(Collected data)

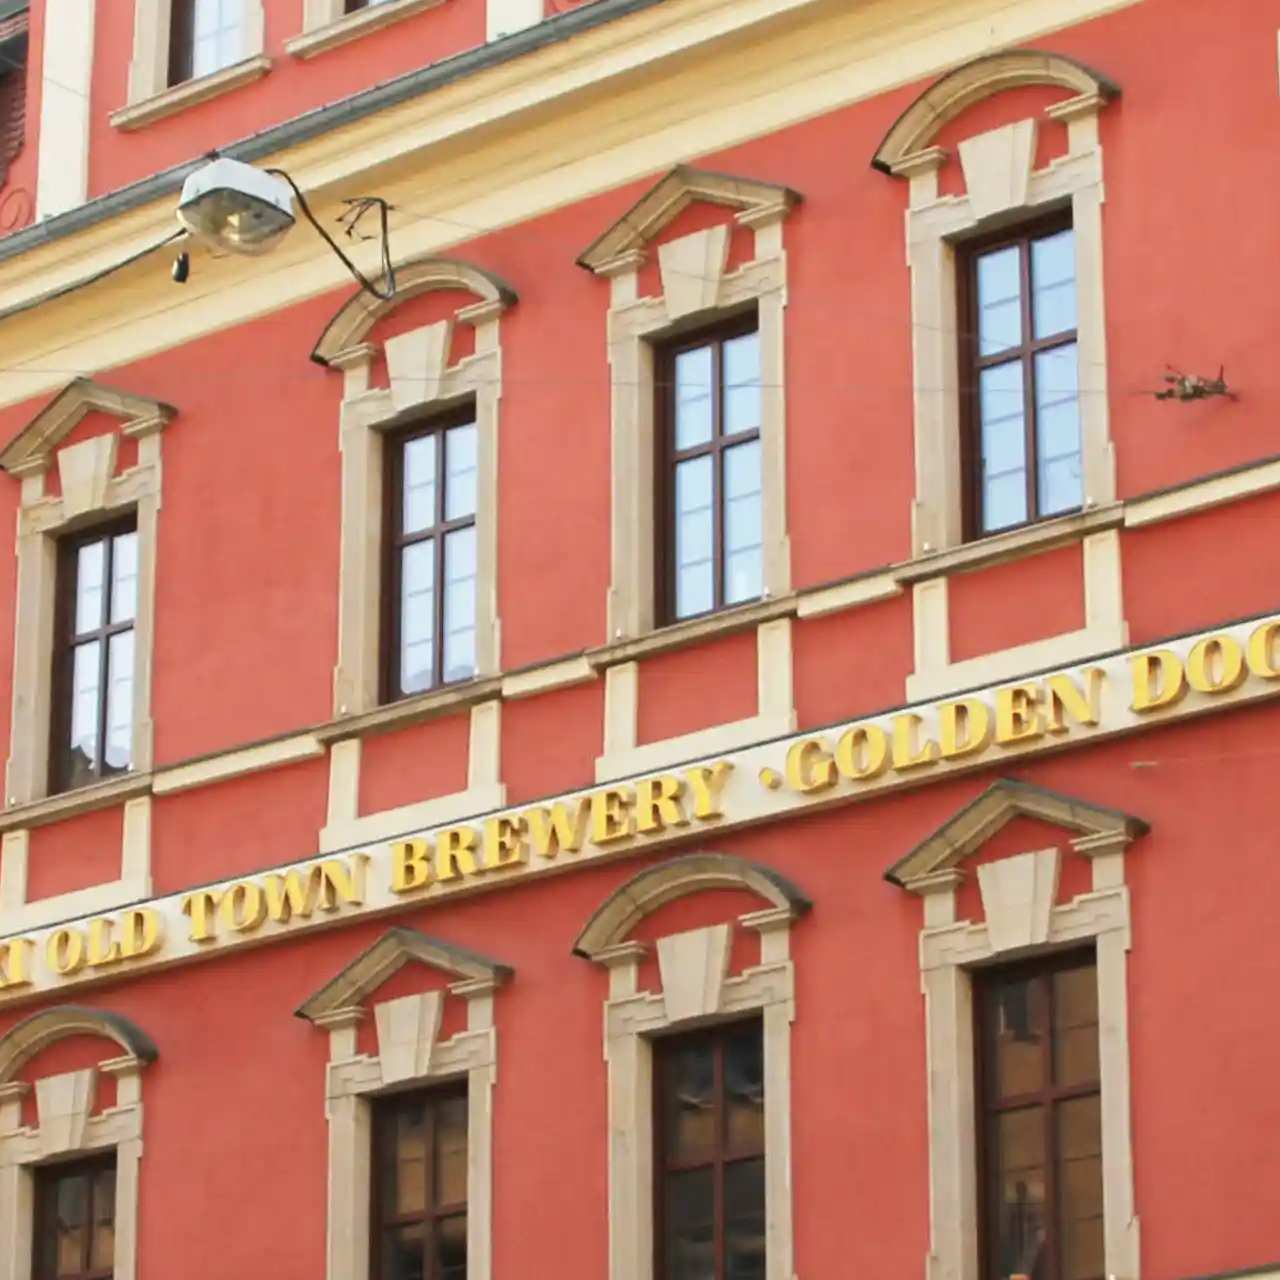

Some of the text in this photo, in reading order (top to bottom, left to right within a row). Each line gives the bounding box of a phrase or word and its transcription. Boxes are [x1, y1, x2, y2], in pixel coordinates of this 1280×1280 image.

[46, 907, 161, 974] OLD
[183, 853, 371, 941] TOWN
[389, 763, 733, 894] BREWERY
[786, 666, 1105, 793] GOLDEN

● Task description
Repeat the data exactly, without the pictures.

● Result of the exercise
Some of the text in this photo, in reading order (top to bottom, left to right within a row). Each line gives the bounding box of a phrase or word and its transcription. Boxes are [x1, y1, x2, y2], in pixel coordinates of this 1280×1280 image.

[46, 907, 161, 974] OLD
[183, 853, 371, 941] TOWN
[389, 763, 733, 894] BREWERY
[786, 666, 1105, 793] GOLDEN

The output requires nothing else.